**ASSIGNED TASK:**
Output every line of the entries from the line containing "this 2000×1500 image." through the last, exactly, with no other content.

------ EXCERPTED DATA

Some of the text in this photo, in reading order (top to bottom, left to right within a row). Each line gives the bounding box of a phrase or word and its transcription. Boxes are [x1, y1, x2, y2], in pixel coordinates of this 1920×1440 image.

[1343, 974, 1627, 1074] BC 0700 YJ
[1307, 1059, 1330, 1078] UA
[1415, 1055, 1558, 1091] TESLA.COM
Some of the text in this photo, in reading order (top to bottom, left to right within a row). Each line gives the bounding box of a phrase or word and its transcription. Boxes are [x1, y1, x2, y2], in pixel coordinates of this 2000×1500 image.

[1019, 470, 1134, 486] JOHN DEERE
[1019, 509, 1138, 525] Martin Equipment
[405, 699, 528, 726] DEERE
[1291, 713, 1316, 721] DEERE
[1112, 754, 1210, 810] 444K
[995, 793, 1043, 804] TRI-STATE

------------

**REPLY TO THE EXERCISE:**
Some of the text in this photo, in reading order (top to bottom, left to right within a row). Each line gives the bounding box of a phrase or word and its transcription. Boxes are [x1, y1, x2, y2], in pixel coordinates of this 2000×1500 image.

[1019, 470, 1134, 486] JOHN DEERE
[1019, 509, 1138, 525] Martin Equipment
[405, 699, 528, 726] DEERE
[1291, 713, 1316, 721] DEERE
[1112, 754, 1210, 810] 444K
[995, 793, 1043, 804] TRI-STATE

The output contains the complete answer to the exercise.